When I was clearing out my office a couple of years ago, all 23 of my books of the theology of children, were too good to go to a charity shop. So, when visited, I spoke to the librarian at Westminster College, Cambridge uni. She was very pleased to accept them and add them to the library's stock.I was amazed they didn't have copies of many of the seminal and basic texts already. Someone will be able to use them hopefully, in study and improve how we, in the church, view children and their spiritual development.

When I die - it's in my will(!!!!) - all my dance history books from 1900 to 1950s will go to the resource centre at one of the nation's advanced dance training facilities. They have a good Resource Centre that students there and at the nearby uni, who study dance from an academic as well as practical discipline, can use.

Hopefully my son or whoever is left, will find a good home, maybe his own, for all my poetry books.
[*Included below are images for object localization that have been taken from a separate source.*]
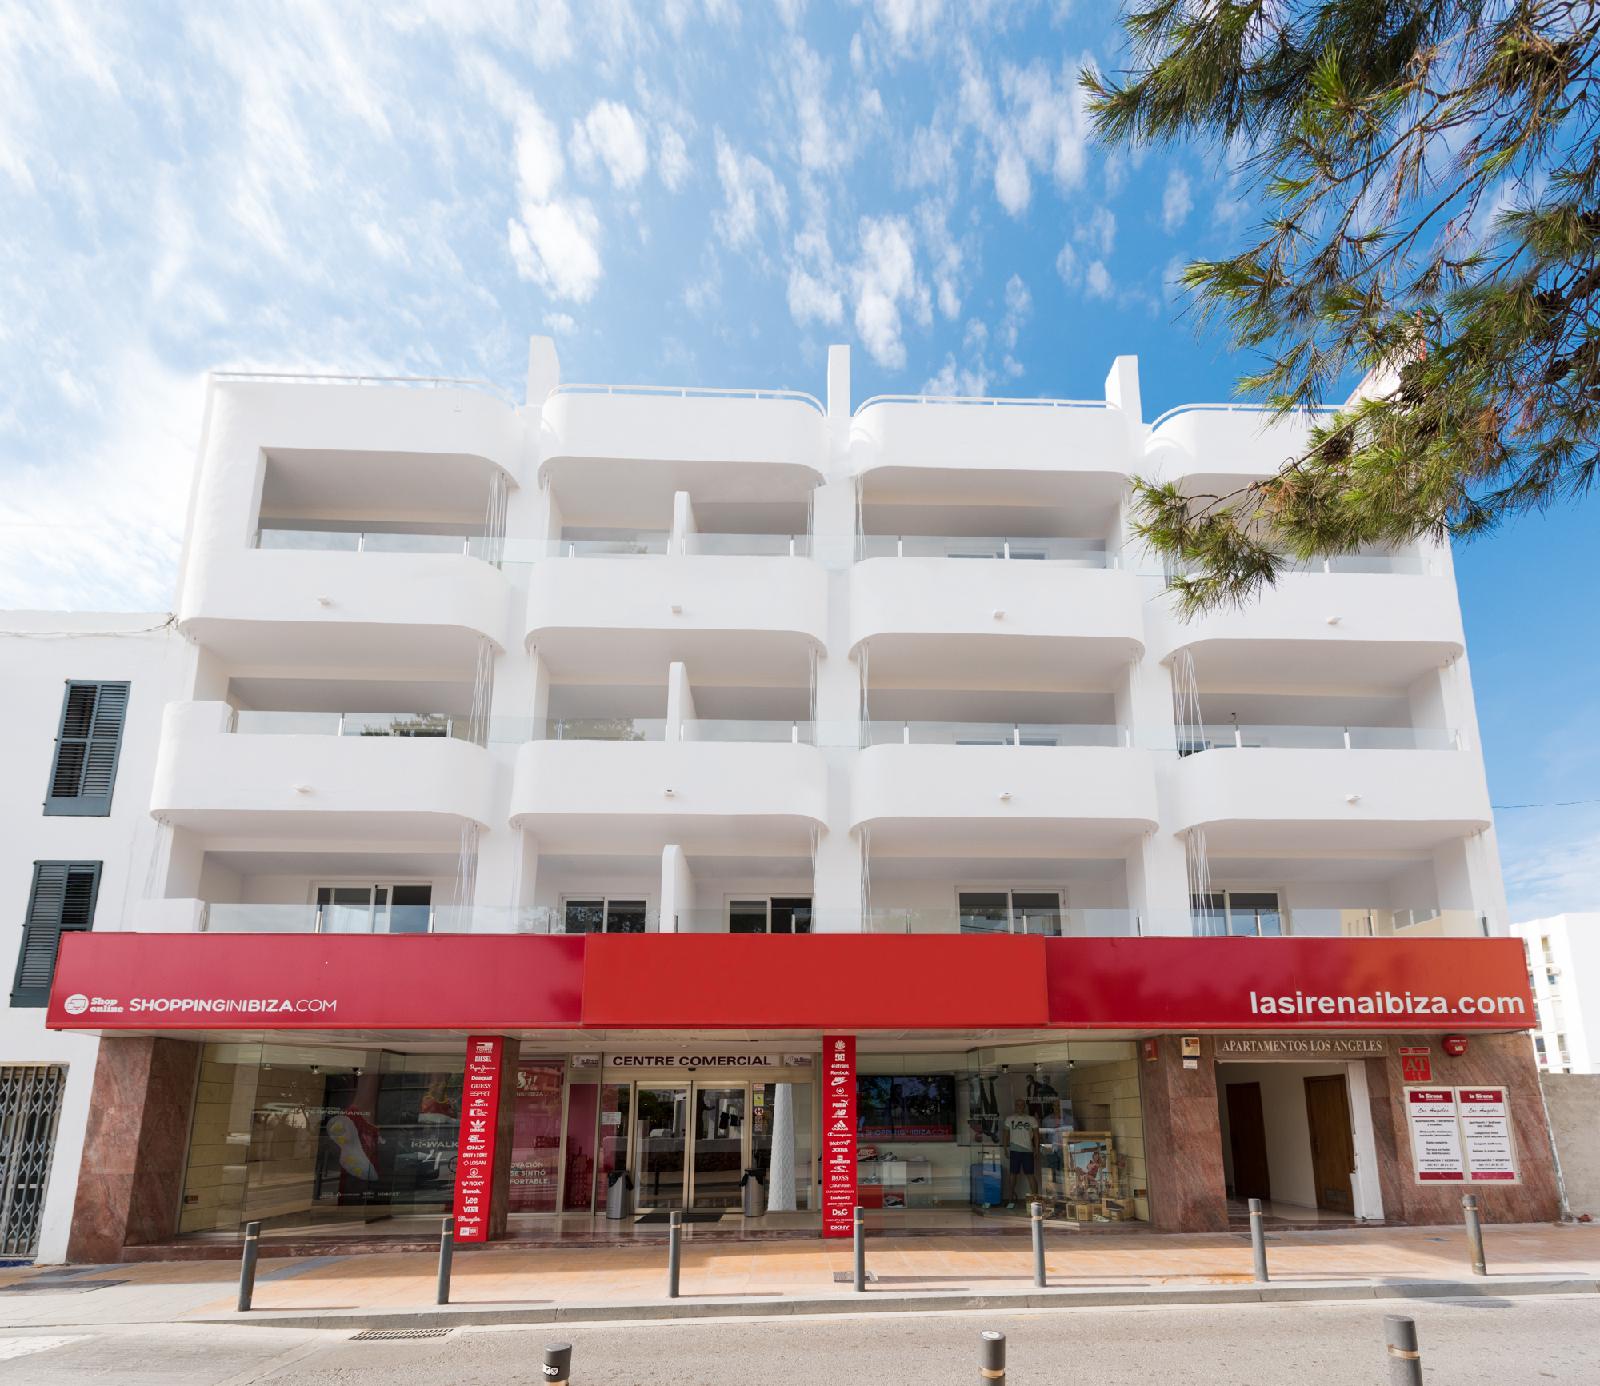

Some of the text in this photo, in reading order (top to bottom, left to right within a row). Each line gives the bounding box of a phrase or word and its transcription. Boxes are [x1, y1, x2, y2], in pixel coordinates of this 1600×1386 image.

[91, 997, 118, 1005] Shop
[129, 998, 337, 1012] SHOPPINGINIBIZA.COM
[1250, 991, 1526, 1014] lasirenaibiza.com
[90, 1005, 124, 1013] online
[1222, 1040, 1383, 1051] APARTAMENTOS LOS ANGELES
[613, 1056, 771, 1066] CENTRE COMERCIAL
[1405, 1058, 1427, 1072] AT
[1011, 1120, 1031, 1130] Lee
And many there are!

Usually novels, unless I particularly want to keep them, go to charity shops or friends. I knew one cafe that had a great bookshelf and you could add or take away books. Now that would be brilliant for cafes to take on.

In our church we are starting a box for magazines that people have finished with and others might want to read. I already pass several onto others and they do the rounds.
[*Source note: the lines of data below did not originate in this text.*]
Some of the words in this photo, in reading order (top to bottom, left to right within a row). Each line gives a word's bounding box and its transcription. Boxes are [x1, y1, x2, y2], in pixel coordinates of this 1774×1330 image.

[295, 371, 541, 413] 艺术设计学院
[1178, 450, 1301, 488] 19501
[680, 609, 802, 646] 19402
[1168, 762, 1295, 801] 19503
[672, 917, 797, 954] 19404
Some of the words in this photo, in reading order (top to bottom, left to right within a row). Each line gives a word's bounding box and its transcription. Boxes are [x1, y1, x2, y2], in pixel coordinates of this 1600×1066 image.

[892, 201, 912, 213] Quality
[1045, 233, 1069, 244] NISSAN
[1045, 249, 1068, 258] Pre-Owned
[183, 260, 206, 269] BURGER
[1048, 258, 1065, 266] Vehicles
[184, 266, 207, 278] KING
If books are suitable and in good condition sometimes school libraries can take them. When I was a school librarian, I had a couple of parents who, when their children finished the latest Harry Potter or "Diary of a Whimpy Kid", used to bring therm into school for me. It was brilliant because it meant I could use my budget for other more expensive books and still the kids could get into reading by seeing and reading the latest talked about book. Then perhaps catch the reading bug.

Any other ideas?

I always have too many books - well not too many fr me, but for my wee house.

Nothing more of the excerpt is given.